- **Entries shown**:
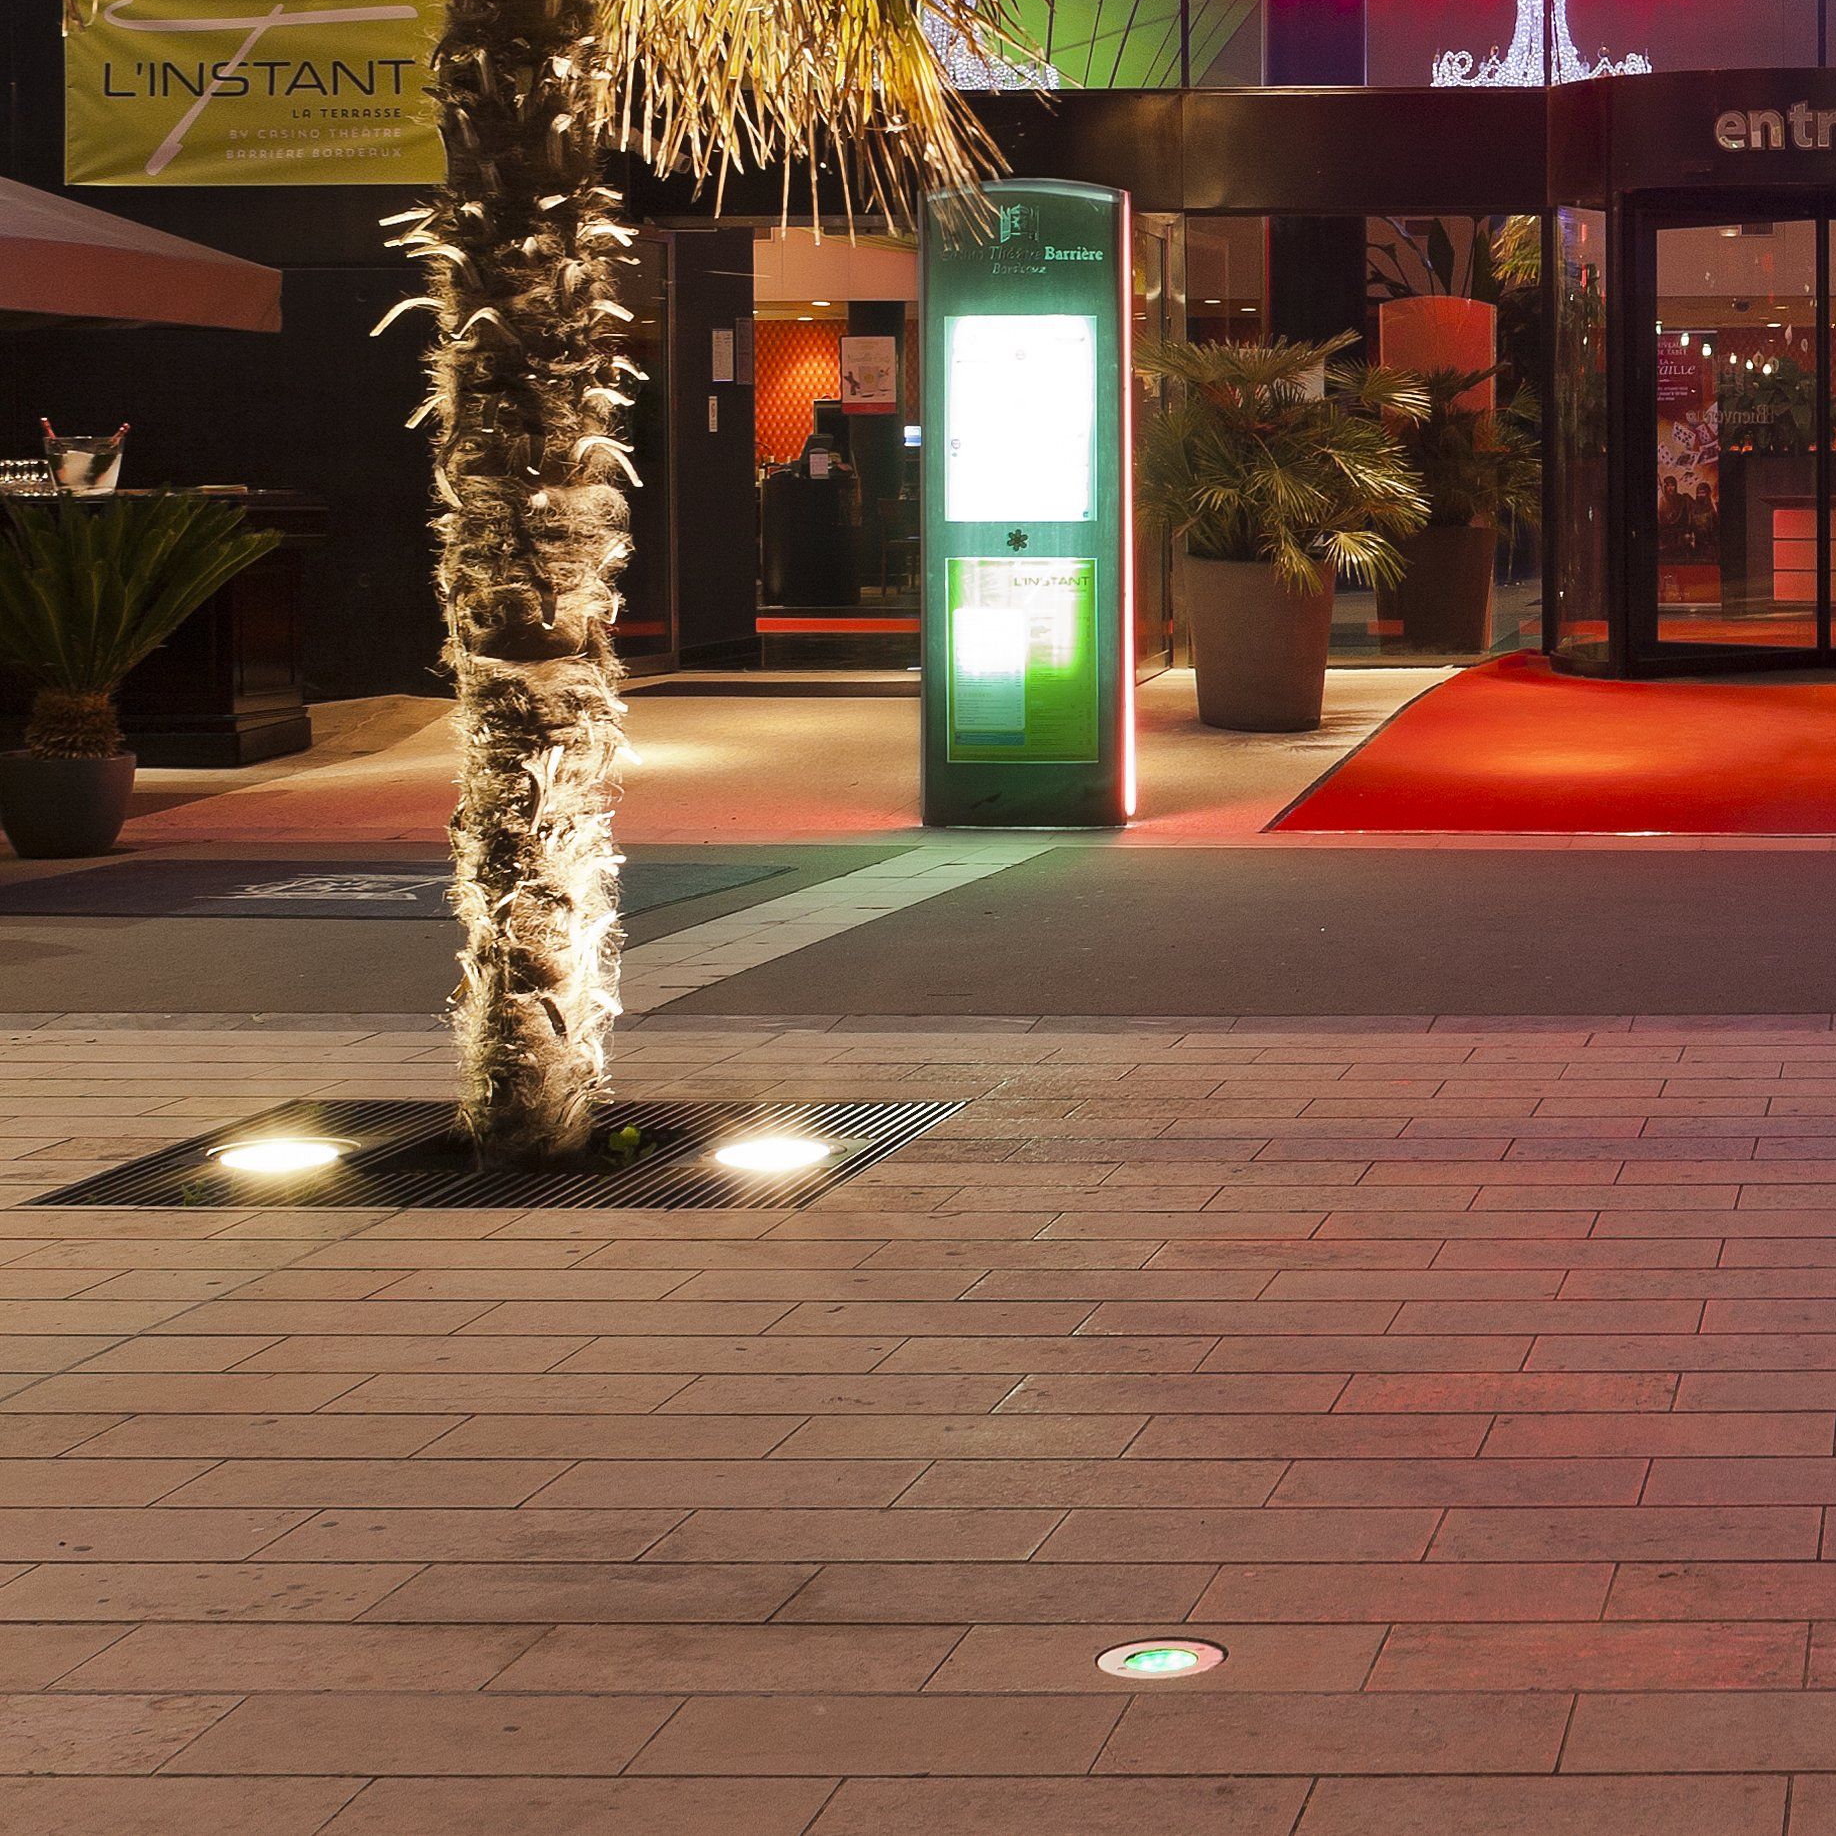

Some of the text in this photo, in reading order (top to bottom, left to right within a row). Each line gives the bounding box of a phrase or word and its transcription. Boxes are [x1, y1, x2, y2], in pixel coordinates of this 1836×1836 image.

[103, 58, 416, 98] L'INSTANT
[292, 108, 402, 119] LA TERRASSE
[258, 129, 321, 140] CASINO
[311, 147, 402, 159] BORDEAUX
[1044, 246, 1103, 261] Barrière

- **Description of the task**: The answer is the listing above restated word for word, pictures removed.

- **Exercise answer**:
Some of the text in this photo, in reading order (top to bottom, left to right within a row). Each line gives the bounding box of a phrase or word and its transcription. Boxes are [x1, y1, x2, y2], in pixel coordinates of this 1836×1836 image.

[103, 58, 416, 98] L'INSTANT
[292, 108, 402, 119] LA TERRASSE
[258, 129, 321, 140] CASINO
[311, 147, 402, 159] BORDEAUX
[1044, 246, 1103, 261] Barrière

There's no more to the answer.